The qualitative findings around sensation-seeking also highlight a key challenge of health risk prevention. Preventative care is largely dependent on people opting for a long-term benefit (e.g. living longer, better quality of life) over short-term reward (e.g. a ‘stim’, immediate emotional regulatory needs). In the case of ADHD and from what is understood about risk evaluation, current narratives may do little to successfully mitigate risk [89, 106, 107]. Further work examining how stakeholders may put more potential immediate positive benefits on not engaging in risky behaviour may be required. This work could perhaps relate to themes identified in the evolution of these health risks, for example sensation seeking and impulsivity. Providing balanced and well-communicated information to people with ADHD about potential wider health risks appears to be something people with ADHD would welcome [108], and might support better self-management of health and risks for this population.

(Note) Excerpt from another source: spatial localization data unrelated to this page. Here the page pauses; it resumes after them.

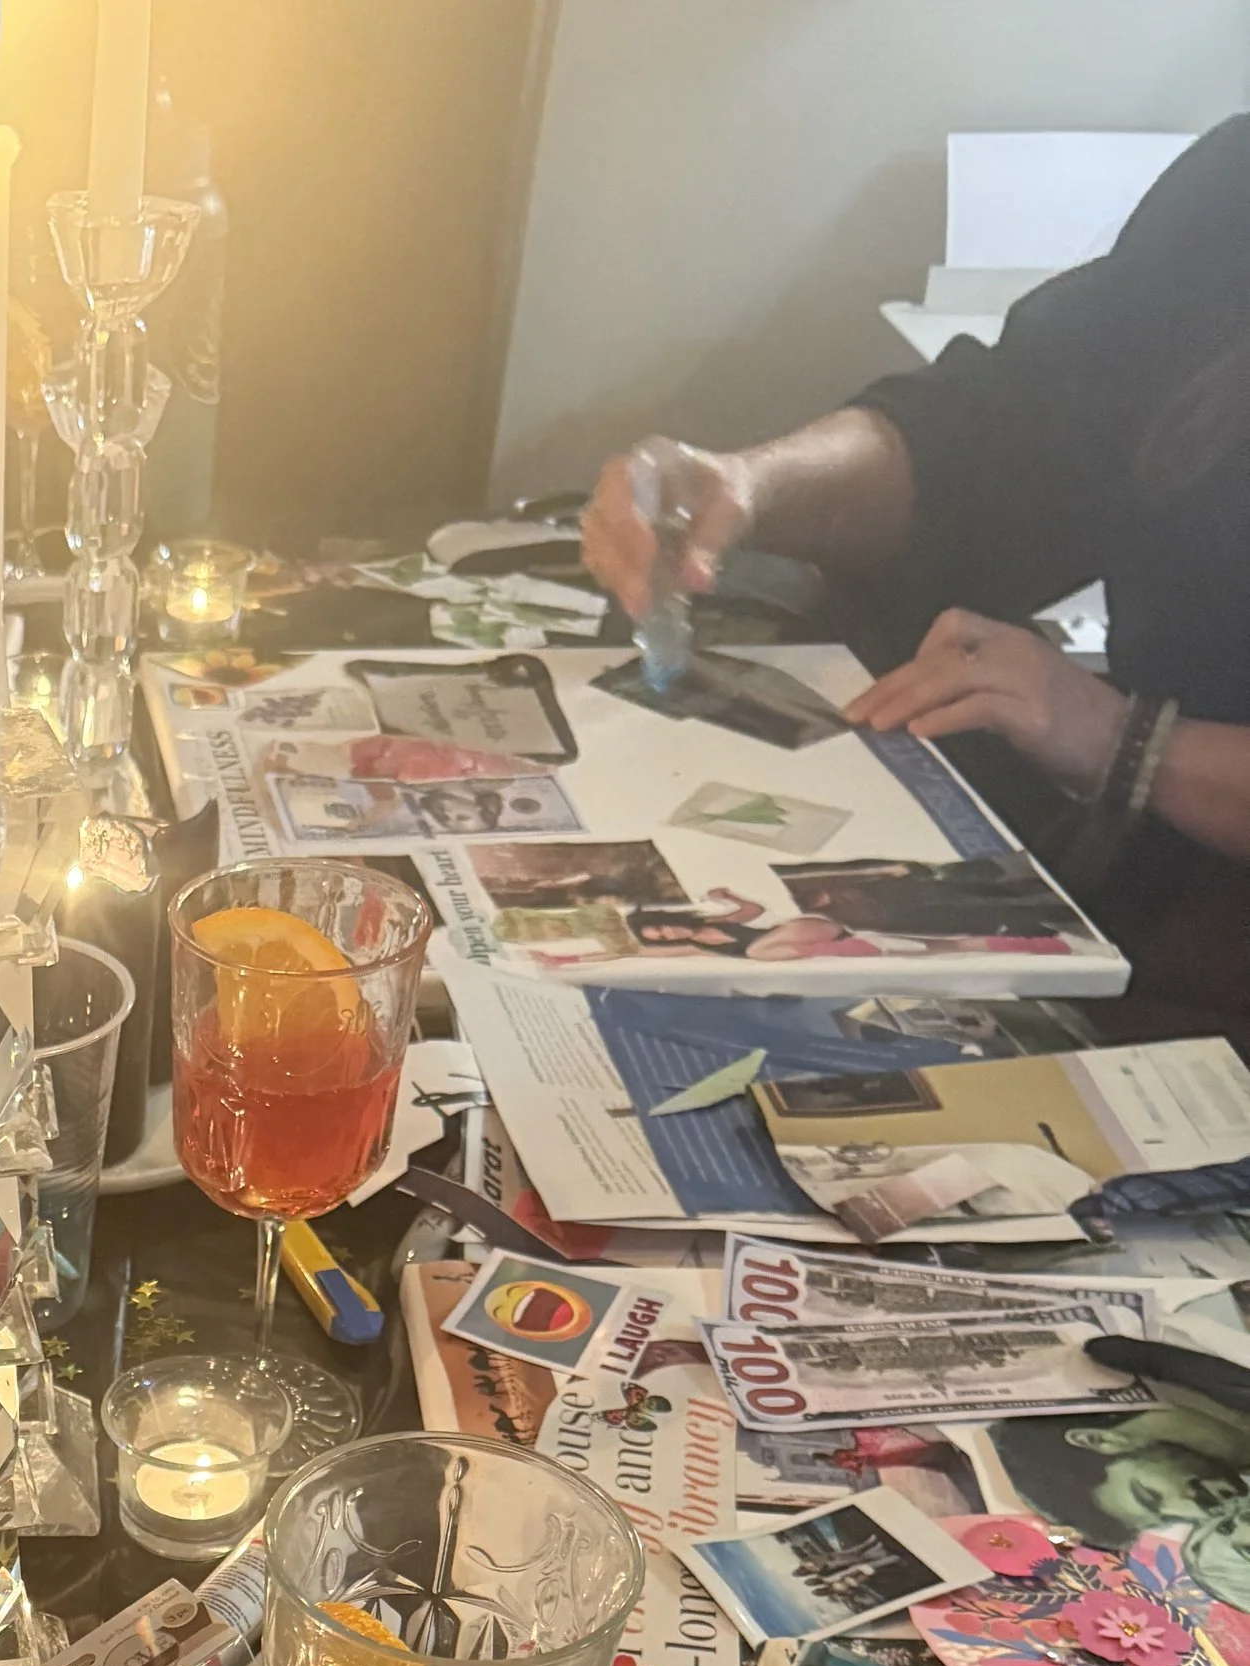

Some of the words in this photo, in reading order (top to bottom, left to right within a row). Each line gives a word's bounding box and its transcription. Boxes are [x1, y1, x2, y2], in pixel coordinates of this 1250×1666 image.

[429, 850, 463, 887] heart
[448, 889, 485, 923] your
[606, 1296, 664, 1363] LAUGH
[599, 1362, 628, 1375] I
[721, 1335, 808, 1417] 100
[555, 1392, 595, 1472] ouse
[667, 1397, 736, 1537] ibrancy
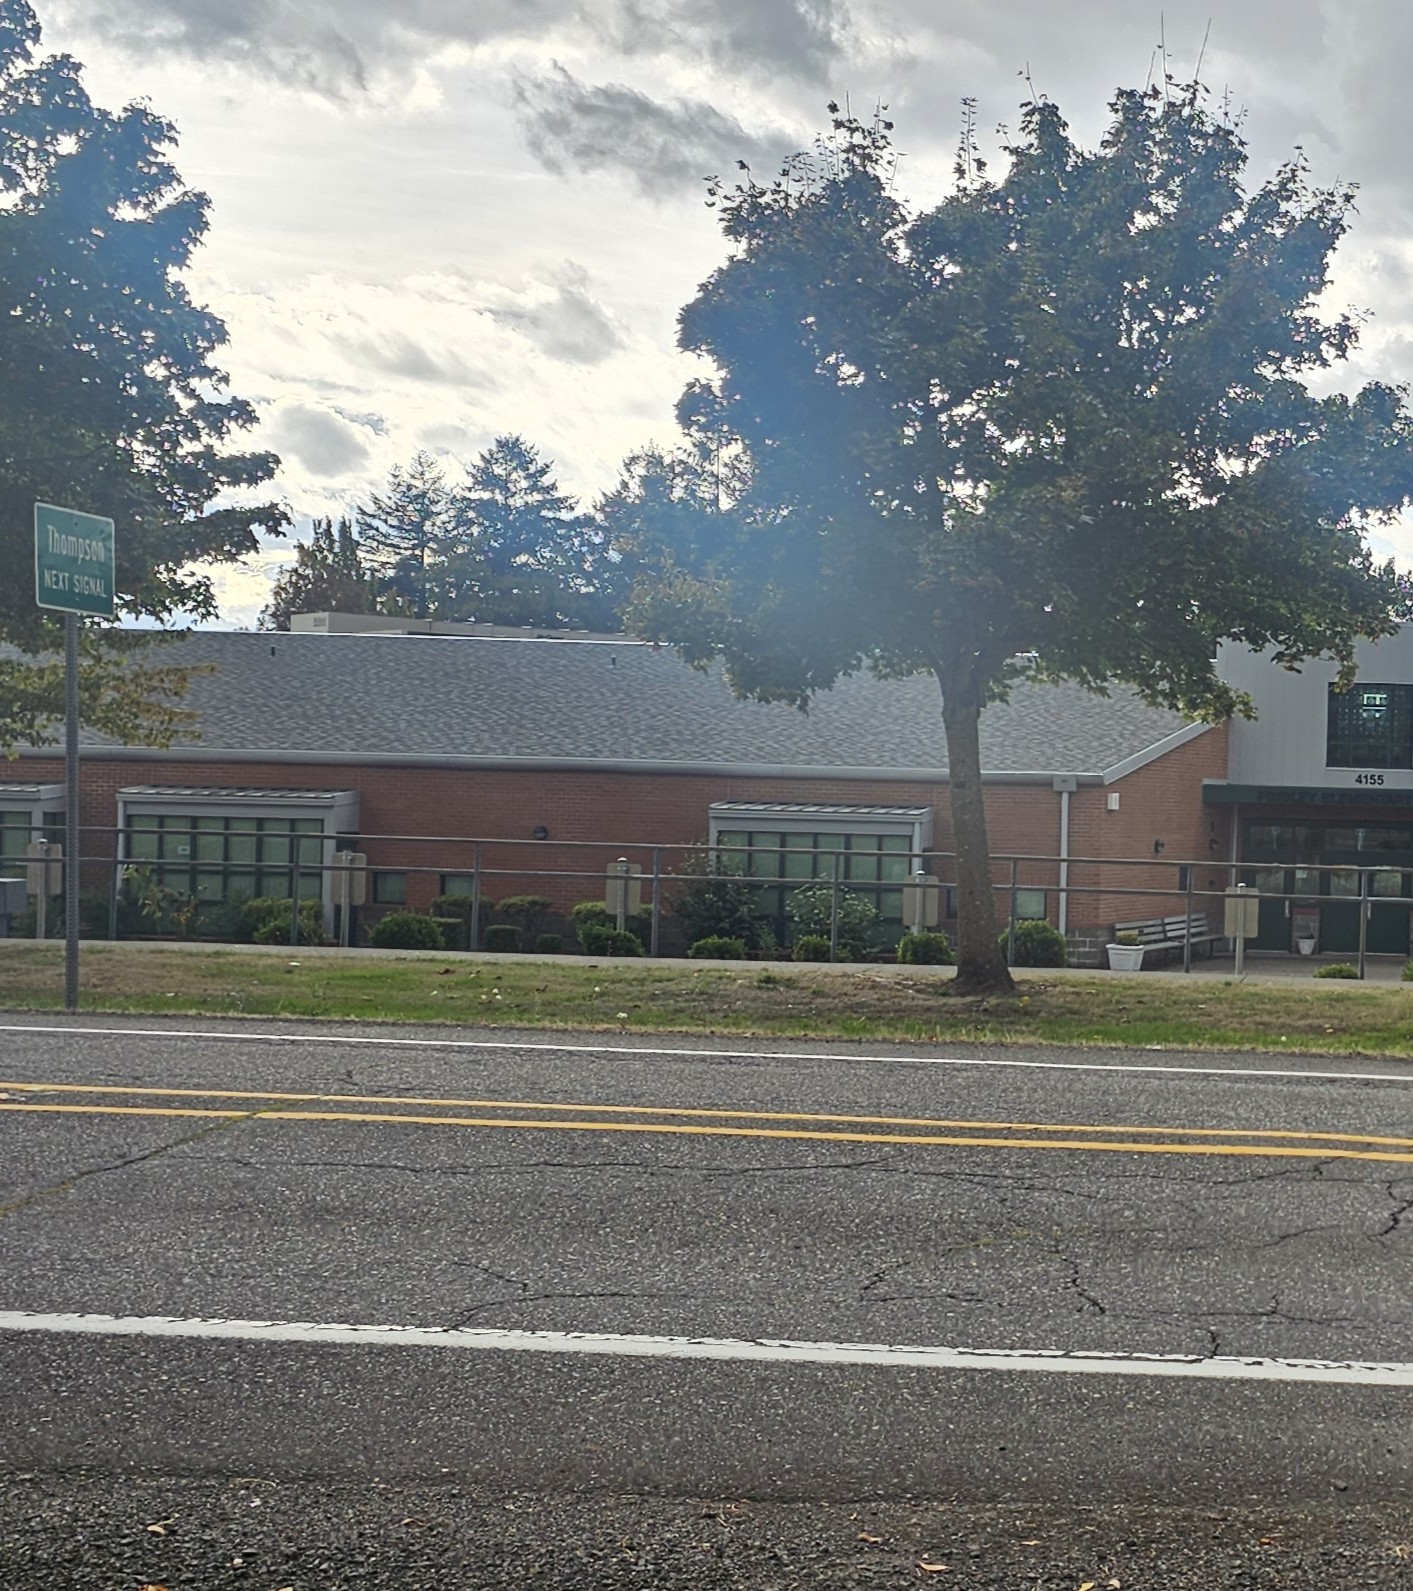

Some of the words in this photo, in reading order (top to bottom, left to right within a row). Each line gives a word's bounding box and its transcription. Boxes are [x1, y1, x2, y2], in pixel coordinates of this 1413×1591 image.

[47, 525, 104, 565] Thompson
[44, 569, 70, 591] NEXT
[73, 574, 107, 598] SIGNAL
[1355, 774, 1384, 786] 4155
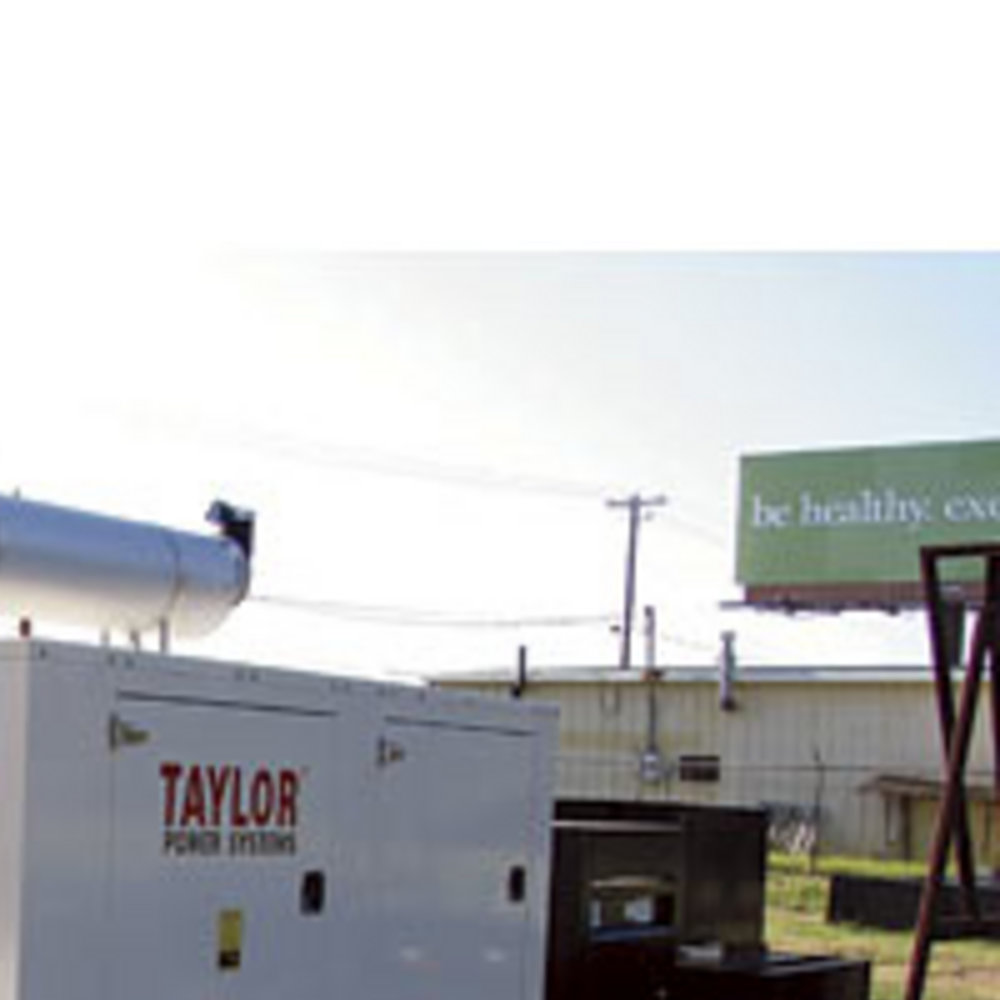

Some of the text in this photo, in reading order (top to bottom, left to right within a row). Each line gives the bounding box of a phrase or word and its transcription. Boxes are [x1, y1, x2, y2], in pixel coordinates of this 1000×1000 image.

[753, 494, 791, 527] be
[160, 761, 298, 827] TAYLOR
[163, 829, 222, 856] POWER
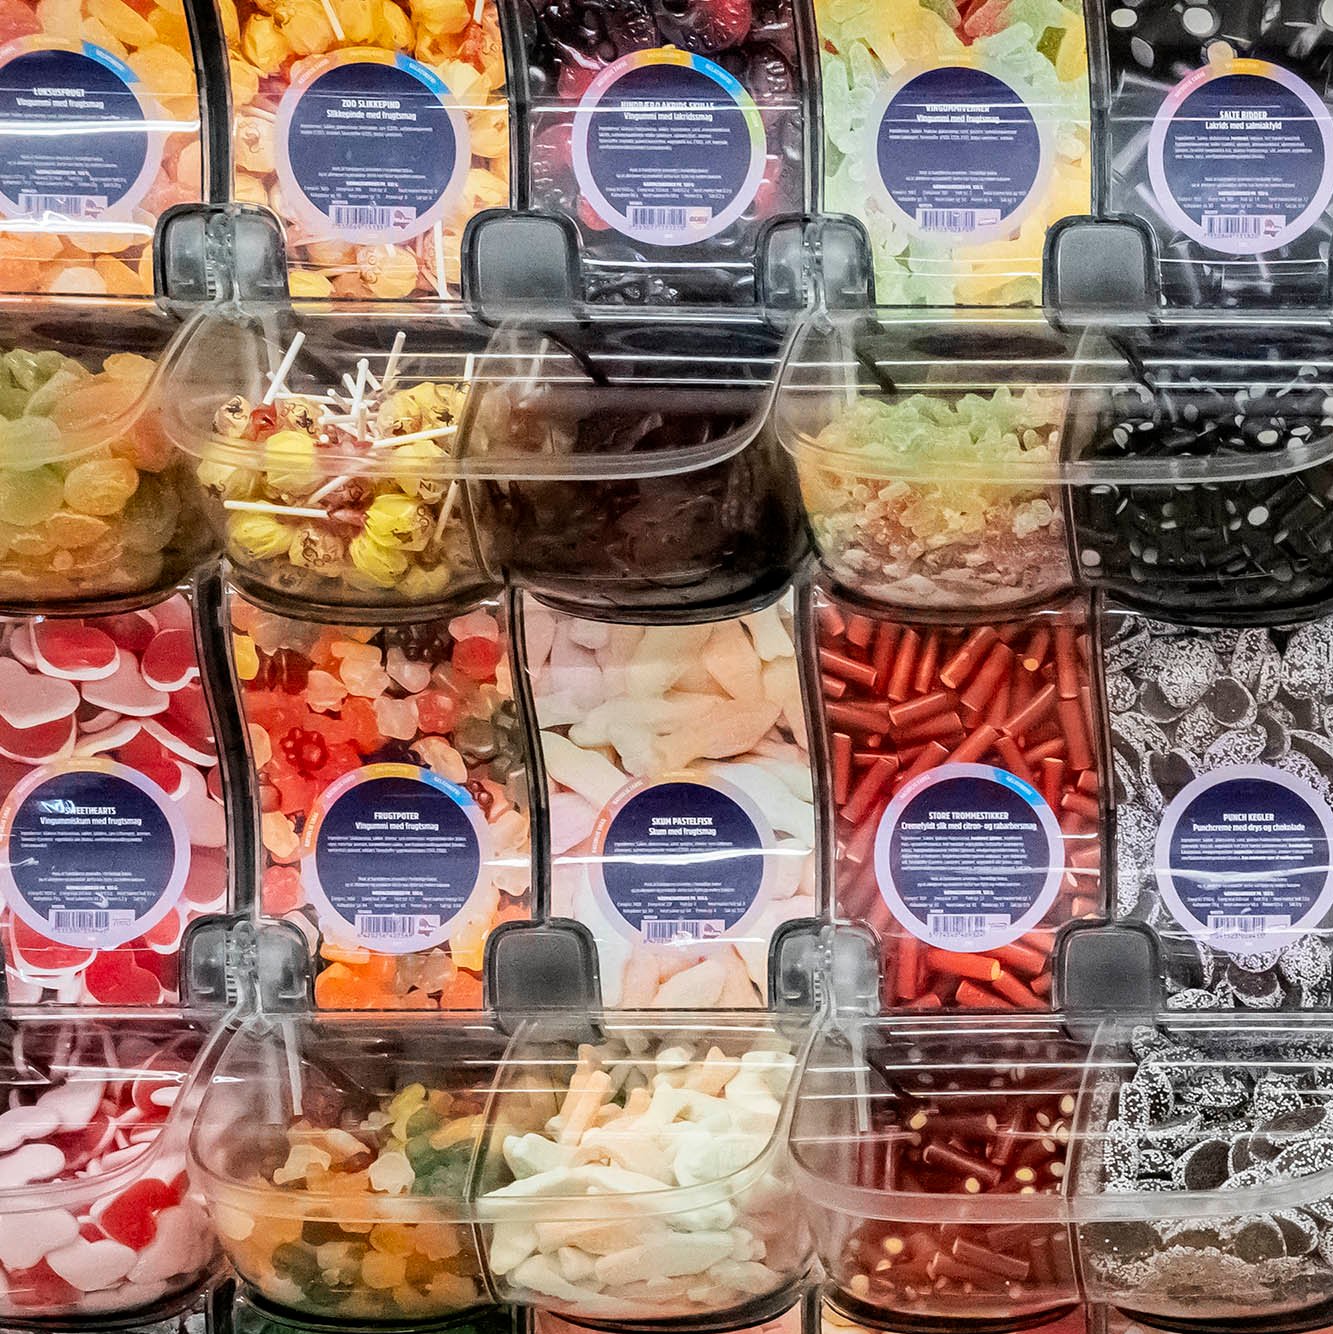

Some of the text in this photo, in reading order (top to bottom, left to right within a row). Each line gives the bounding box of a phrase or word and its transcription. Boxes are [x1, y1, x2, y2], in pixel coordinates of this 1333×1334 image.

There are several important clinical implications of this work. Firstly, this work provides evidence that the health risks in ADHD are important and pertinent to the daily lives of people with ADHD (especially for example in relation to substance misuse). Secondly, the findings of this work imply that the health problems related to ADHD are not conceptualised as separate to ADHD, but inter-related, necessitating a holistic approach which includes optimisation of ADHD management. This is particularly relevant within the context of our work, looking at the provisions and accessibility of care for people with ADHD.

Strengths and limitations

The strengths of this study include a large sample with representation from various stakeholder groups across England, and the use of free text responses which allowed participants not only to ‘list’ risks but also to expand on their perspectives. The main limitation of the study is the ambiguity in the open question. Although partly intentional so participants did not feel restricted in what they could answer, it may have introduced elements of recall bias, with people recalling the most memorable and possibly extreme risks (e.g. substance misuse, homelessness) rather than those that may be more interpreted as more banal (e.g. smoking). Furthermore, the participants who gave more qualitatively rich answers that could be used for analysis may be a self-selecting subpopulation. Moreover, another important limitation would be the convenience sampling approach used, and the likely responder bias this introduces (respondents who have neutral attitudes towards ADHD would be less likely to respond than those with stronger views about ADHD in primary care). Due to the nature of the survey, we were unable to validate whether or not people had formal ADHD diagnoses, what the circumstances of that diagnosis were (e.g. late diagnosis) or whether they were self-identifying as having ADHD/awaiting diagnosis. This may also have impacted upon our results.

Conclusion

This study set out a simple question; what are the most important health risks to stakeholders in ADHD? What this study provides is a complex answer. Quantitatively, the main health risks reported were substance use disorders, disordered eating, sleep disorders and weight/exercise management, with unprompted answers often concordant between at least two different stakeholders. Qualitatively, it seems that these health risks are perhaps perceived as manifestations of the difficulties of living with ADHD, which may be mitigated or exacerbated by other factors (i.e., support and awareness) and are highly heterogenous between participants. However, in UK national guidance there is a lack of reliable information for clinicians about what the physical health risks of ADHD may be or how to address them, and this may be rooted in the small evidence base in this field. More needs to be done to study both existing and novel interventions on the functional and health outcomes in ADHD, and to improve relevant healthcare information for healthcare professionals and people with ADHD on this topic, such that this significant health inequality can be addressed.